Леднев никак не мог начать разговор. Не находил нужных слов. Боялся, что скажет что-нибудь не то.
– Может, угостите сигареткой?
Каткова задала вопрос тем тоном, каким обычно спрашивают женщины, когда хотят зацепить мужчину.
Михаил протянул пачку, щелкнул зажигалкой.
– В прошлый раз тебе здесь не нравилось.
– Ну, так мы сейчас совсем другим занимаемся, – отвечал девушка, пуская струйку дыма.
В близи ее лицо было немного другим. Подбородок тяжеловат, и челюсти развиты слишком сильно.
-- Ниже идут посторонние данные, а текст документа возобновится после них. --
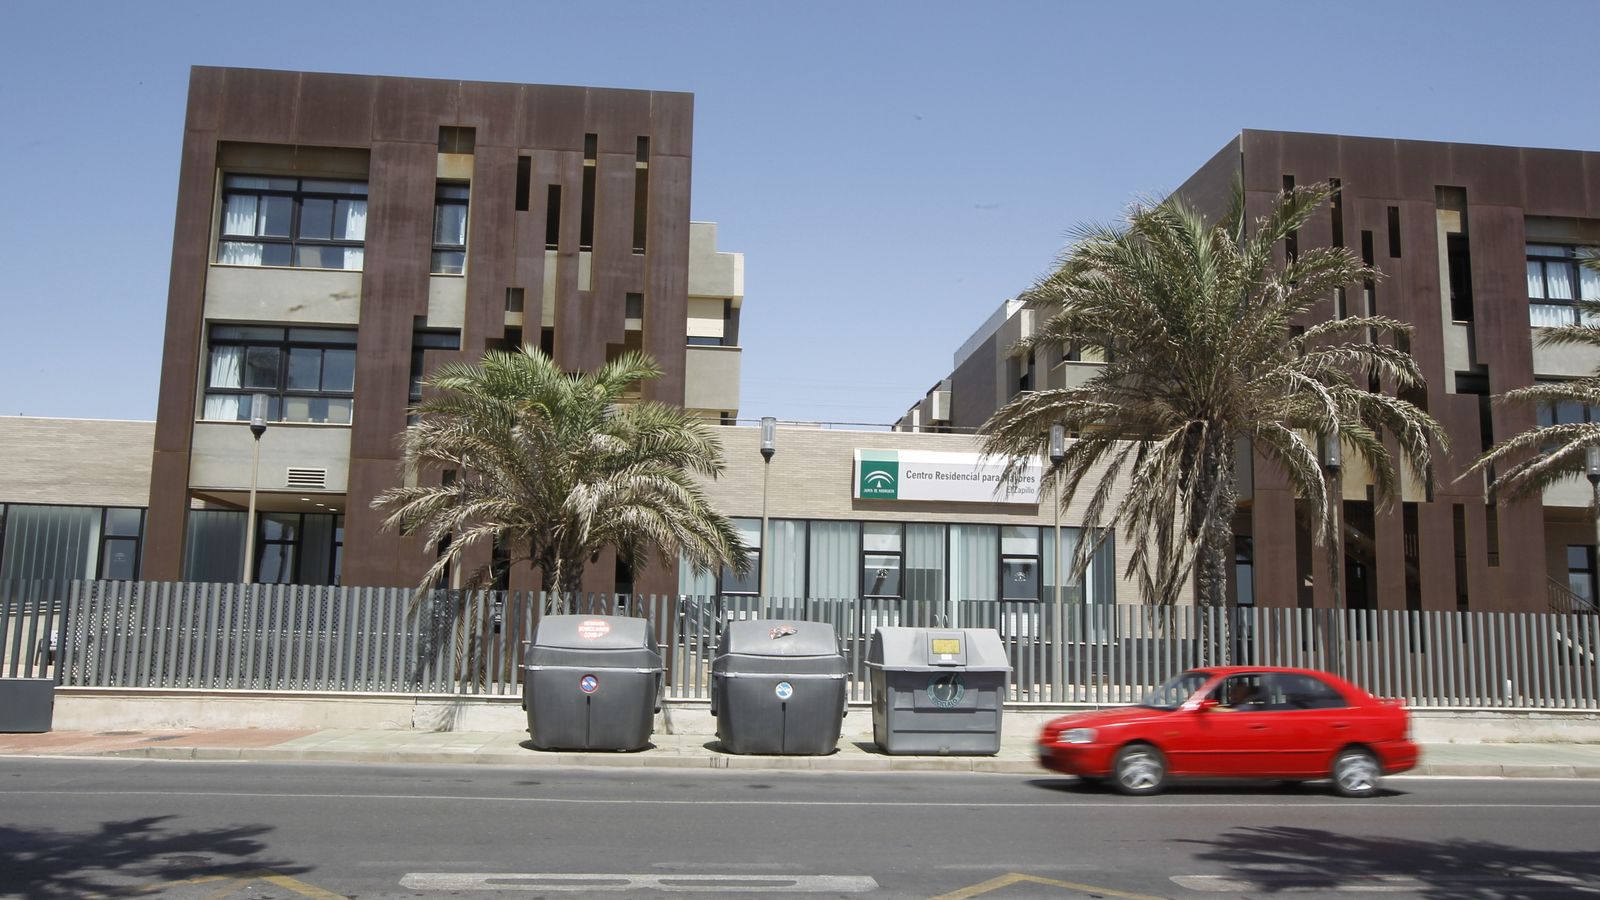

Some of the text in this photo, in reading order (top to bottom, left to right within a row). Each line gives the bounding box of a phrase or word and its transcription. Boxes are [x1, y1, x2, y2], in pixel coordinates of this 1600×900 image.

[906, 470, 933, 479] Centro
[935, 471, 980, 481] Residencial
[982, 474, 1000, 483] para
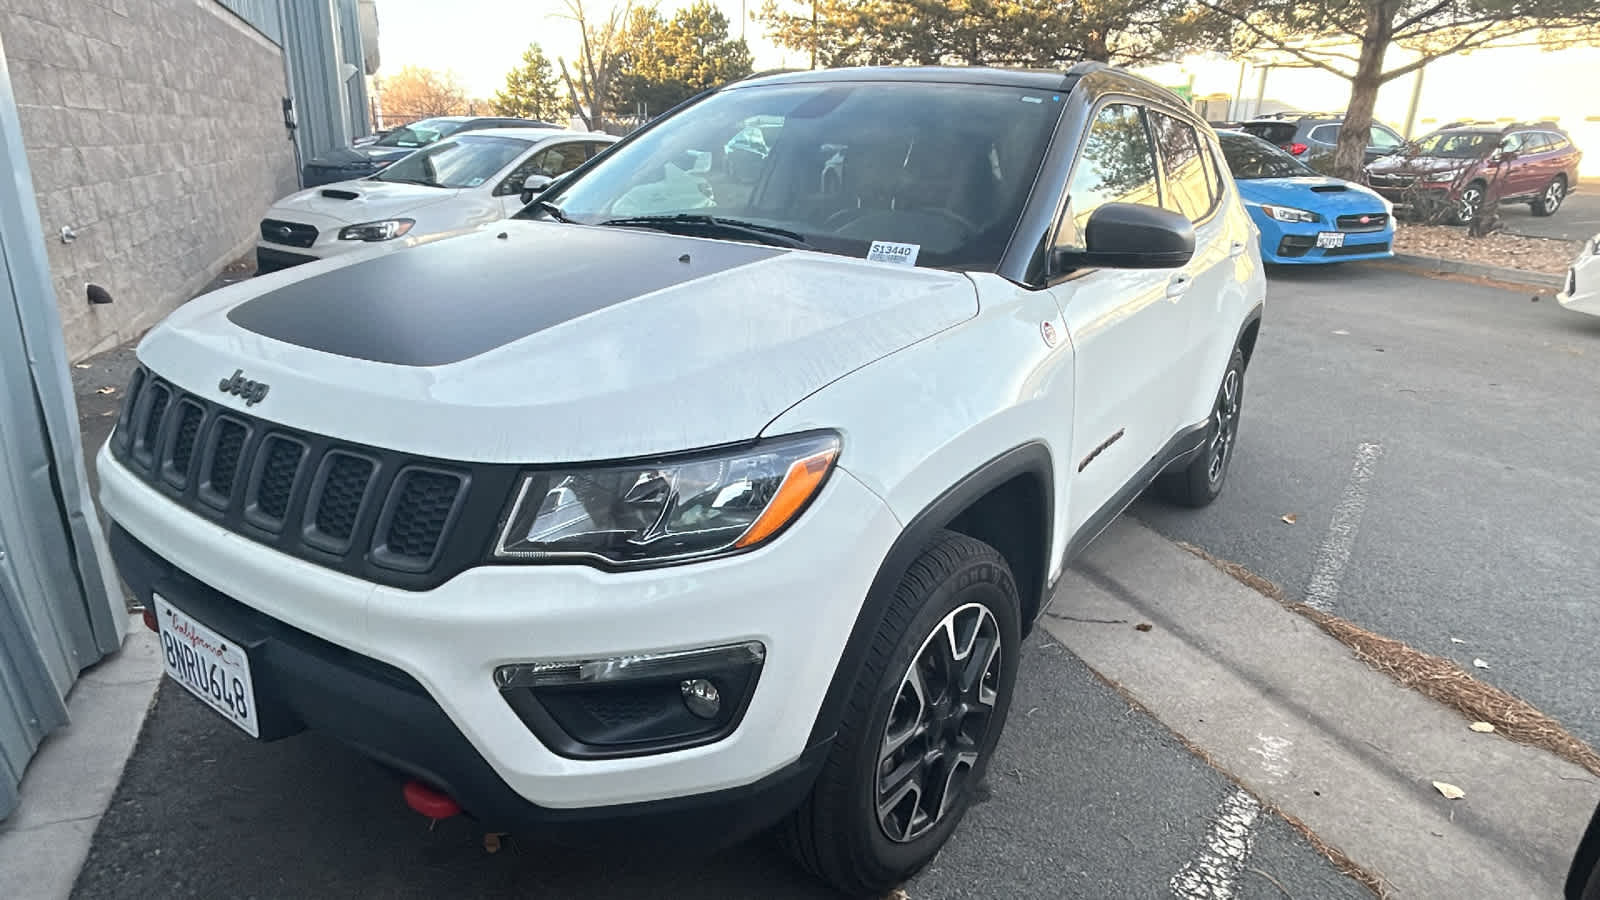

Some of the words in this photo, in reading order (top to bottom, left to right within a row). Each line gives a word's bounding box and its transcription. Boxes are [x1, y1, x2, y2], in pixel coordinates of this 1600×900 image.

[872, 244, 911, 256] S13440
[219, 369, 270, 407] Jeep
[171, 613, 223, 657] California
[163, 629, 248, 719] 8NRU648
Этим недостатком, как заметил Леднев, страдали многие осужденные женщины, каких ему приходилось наблюдать.
Ему почему-то вспомнилось то, что ему говорили о Ставской. Будто она получает от родителей Катковой посылки, а потом тайком, по частям, проносит в зону.
– Родители любят тебя, – сказал он утвердительно. – А ты?
Лариса удивленно приподняла брови. Кажется, этого вопроса она ожидала меньше всего.
– Я тоже очень их люблю, – сказала она, широко улыбаясь и показывая неплохие зубы. – Вы хотите сказать, что если преступница любит своих родителей, то она еще не конченная, так?
– Ты не считаешь себя безнадежной? – спросил Леднев.
– Конечно, нет.
– Но ты наркоманка.
– Ну и что?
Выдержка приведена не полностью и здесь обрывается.